Actually, I have some 1939/1940 Richard Himber music and I enjoy it very
much. It has sort of a Paul Whiteman sound that's a lot of fun. I've also
since discovered that Mr. Himber went on to become a successful professional
magician, and eventually came to be better known as a magician than as a
Well, I was no Amazing Aubrey, but was sure that with a little practice I
could put on a fairly respectable show. I asked Carl if he had thought about
doing a show. No, he said, he wasn't quite ready for that-but he'd be glad
to help me with mine. One of the things he wanted to help me with was
programming the music that would accompany my act. Carl loved classical
music, and I had recently acquired a small portable phonograph, along with a
few classical records, some of which Carl thought would make perfect
background music. So we went to work on creating an act.
Disappearing Alarm Clock
I planned to do some sleight-of-hand along with a couple of homemade
illusions. (They had to be homemade, because I couldn't afford any of the
"professional" paraphernalia sold at Bert Wheeler's.) One illusion would be
a "disappearing alarm clock." The effect was that an old-fashioned wind-up
clock (the noisy type with a bell on top) would be placed on a serving tray
and set to ringing. And, while it was sounding off, the clock would be held
high for everyone to see, and then covered with a "foulard" (sort of a
fringed silk shawl).
The magician would then grasp the clock through the foulard with one hand
while using the other to remove the tray, which would be casually tossed to
someone in the wings. After holding the silk-covered ringing clock aloft for
a few seconds, he would thrust the foulard toward the startled
spectators-and the clock would appear to have vanished into thin air. Then,
of course, the amazed audience would reward the bowing performer with a lot
of well-deserved applause (that is, if everything worked right).

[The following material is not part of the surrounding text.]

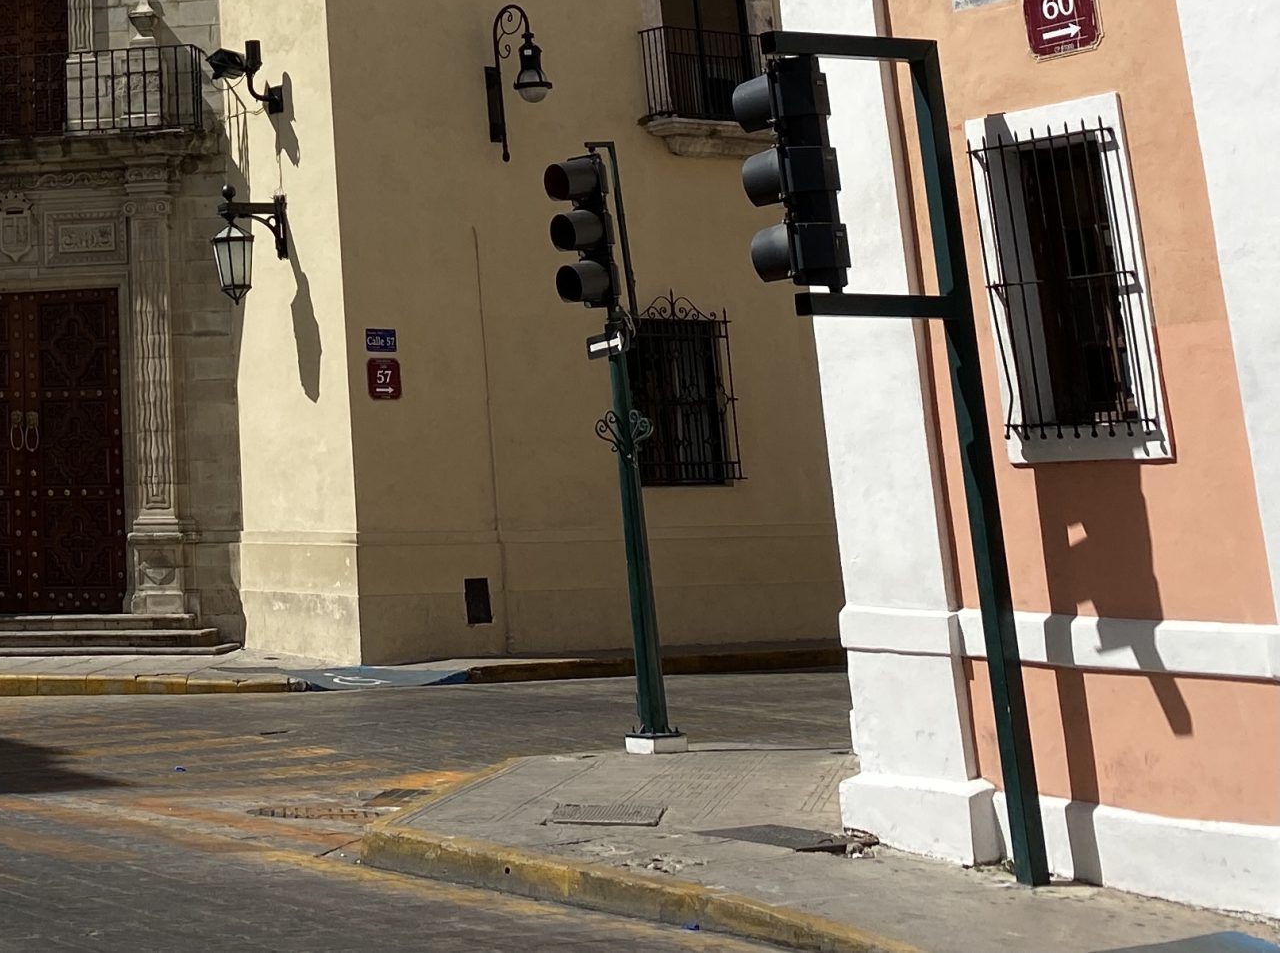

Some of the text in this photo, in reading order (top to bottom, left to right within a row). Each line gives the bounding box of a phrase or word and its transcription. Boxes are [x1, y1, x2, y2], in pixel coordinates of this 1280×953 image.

While I concentrated on making sure the various tricks would come off
smoothly, Mr. Sound Engineer Carl concentrated on coordinating the music
that would accompany the performance.
I decided to start my act by making a walking stick (the kind Fred Astaire
used to twirl in the movies) disappear into thin air after being twirled a
few times-and then to follow that by making some colorful silk scarves and
floral bouquets materialize out of the same thin air.
This would then be followed by the amazing alarm clock trick. Carl thought
all this would come off well accompanied by the exhilarating strains of
Jaques Offenbach's Gaite Parisienne overture.
Bewitched Billiard Balls
Then would come a more difficult routine. The "Multiplying Billiard Balls"
has been a requisite part of any true sleight-of-hand artist's repertoire
ever since-I don't know-probably since the invention of the billiard ball.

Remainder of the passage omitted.